If you’re going to attack someone just in case they attack others shouldn’t we all be invading Germany? After all, they have dragged everyone into two world wars with their aggression. Who’s to say they won’t do it again? Come on; let’s send the troops over there, just in case.

I don’t like the look of the new family that just moved in up the street from me. Should I go up and kneecap them just in case they nick my car? I mean – their kids were a bit rowdy the other night; it must have been a nuisance to the people living next door, and who knows what they’re going to do next? Shall I go and firebomb their house?
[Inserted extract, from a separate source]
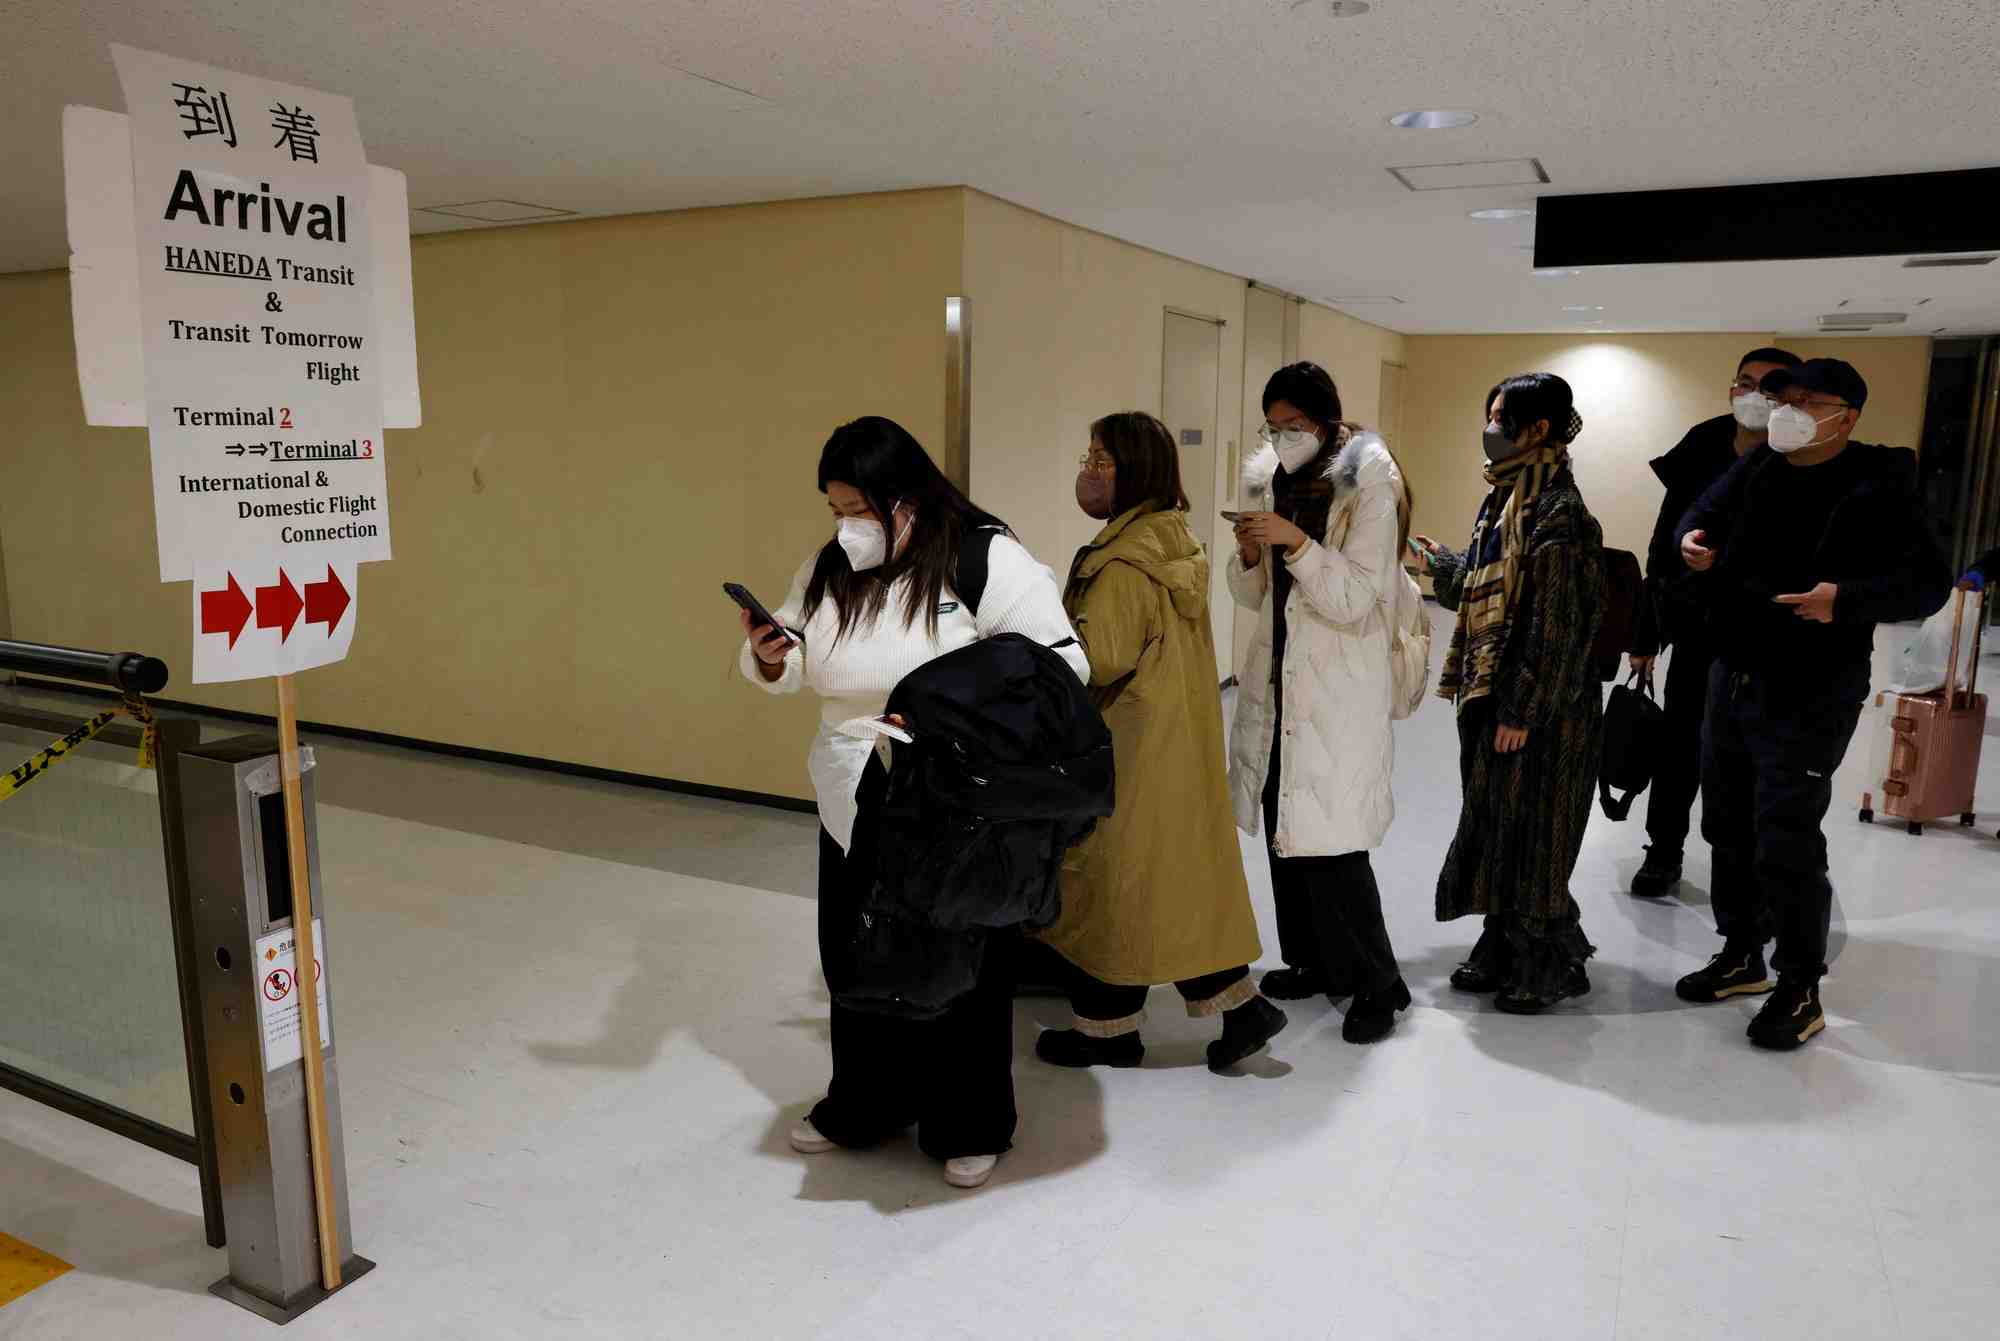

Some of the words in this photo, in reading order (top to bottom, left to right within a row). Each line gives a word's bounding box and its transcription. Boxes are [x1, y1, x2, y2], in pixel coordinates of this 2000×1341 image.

They are harbouring those kids, after all.

The problem is, now that we’re over there, we have a responsibility to tidy up the mess we’ve made, which is why our troops are training the Afghan police and troops so that they’re properly equipped to keep the peace. I guess it’s only right; if you knock a drink over at someone else’s house you’re obliged to at least ask for a paper towel.

So, our brave British soldiers remain in harm’s way, cleaning up the mess that stupid politicians have made while said politicians stay safe behind a wall of armed security guards. There really is no justice in the world.

Every time I turn on the news and see a report of another British soldier being killed a little piece of me dies. It’s the injustice of it all that gets me. These are the people who have more courage in their little fingers than most of us could ever hope to have. These are the people who stand up and say that they will give their lives to keep us safe and protect our homes. I feel like sending them over there as they have been is an abuse of their protection.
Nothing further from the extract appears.